Records supplied Block Start

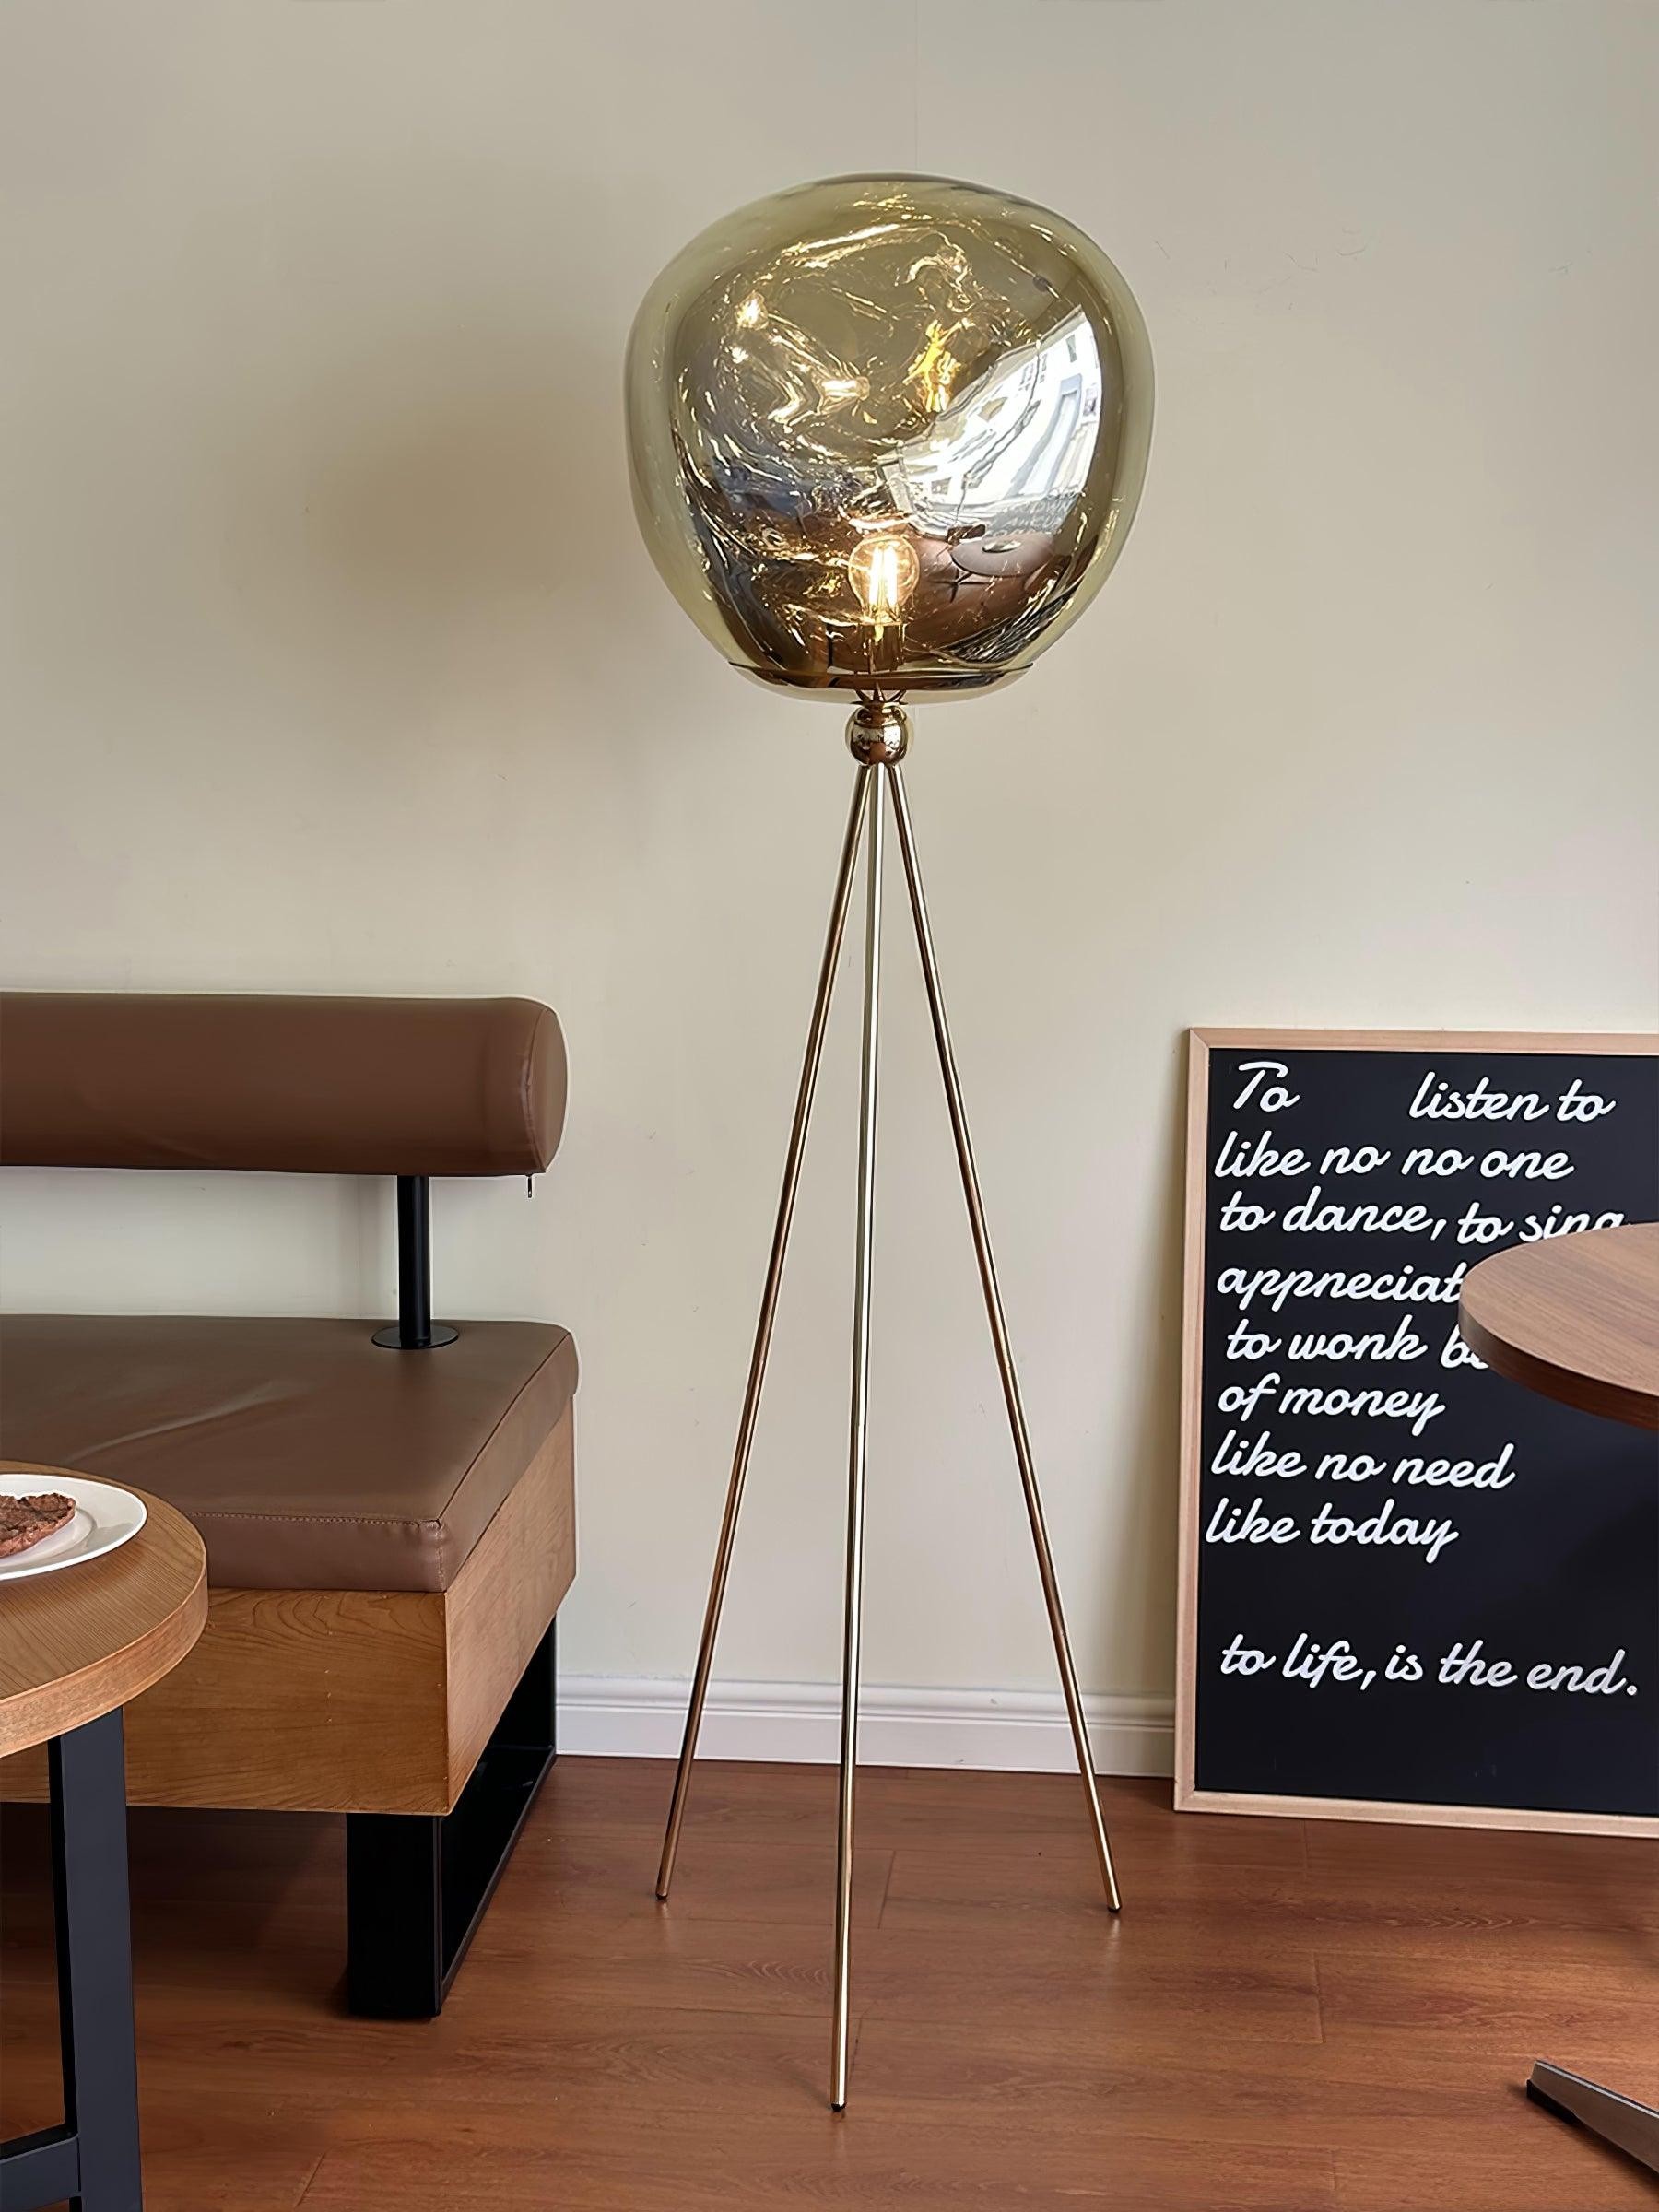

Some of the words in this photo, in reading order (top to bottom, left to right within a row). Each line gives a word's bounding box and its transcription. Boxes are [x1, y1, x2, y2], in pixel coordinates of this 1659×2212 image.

[1232, 1061, 1300, 1112] To
[1408, 1071, 1550, 1121] listen
[1556, 1078, 1617, 1123] to
[1214, 1130, 1312, 1178] like
[1319, 1147, 1392, 1175] no
[1401, 1148, 1475, 1176] no
[1479, 1150, 1575, 1180] one
[1219, 1190, 1277, 1232] to
[1282, 1185, 1447, 1241] dance,
[1456, 1201, 1515, 1245] to
[1226, 1318, 1282, 1360] to
[1218, 1371, 1281, 1422] of
[1278, 1388, 1446, 1437] money
[1210, 1429, 1308, 1478] like
[1314, 1451, 1387, 1482] no
[1391, 1442, 1516, 1489] need
[1205, 1497, 1301, 1544] like
[1309, 1498, 1460, 1564] today
[1220, 1633, 1277, 1676] to
[1281, 1632, 1377, 1691] life,
[1384, 1644, 1424, 1681] is
[1438, 1639, 1519, 1688] the
[1526, 1648, 1638, 1697] end.

Records supplied Block End

Work instructions:
Print the data above exactly, minus pictures.

Task answer:
Some of the words in this photo, in reading order (top to bottom, left to right within a row). Each line gives a word's bounding box and its transcription. Boxes are [x1, y1, x2, y2], in pixel coordinates of this 1659×2212 image.

[1232, 1061, 1300, 1112] To
[1408, 1071, 1550, 1121] listen
[1556, 1078, 1617, 1123] to
[1214, 1130, 1312, 1178] like
[1319, 1147, 1392, 1175] no
[1401, 1148, 1475, 1176] no
[1479, 1150, 1575, 1180] one
[1219, 1190, 1277, 1232] to
[1282, 1185, 1447, 1241] dance,
[1456, 1201, 1515, 1245] to
[1226, 1318, 1282, 1360] to
[1218, 1371, 1281, 1422] of
[1278, 1388, 1446, 1437] money
[1210, 1429, 1308, 1478] like
[1314, 1451, 1387, 1482] no
[1391, 1442, 1516, 1489] need
[1205, 1497, 1301, 1544] like
[1309, 1498, 1460, 1564] today
[1220, 1633, 1277, 1676] to
[1281, 1632, 1377, 1691] life,
[1384, 1644, 1424, 1681] is
[1438, 1639, 1519, 1688] the
[1526, 1648, 1638, 1697] end.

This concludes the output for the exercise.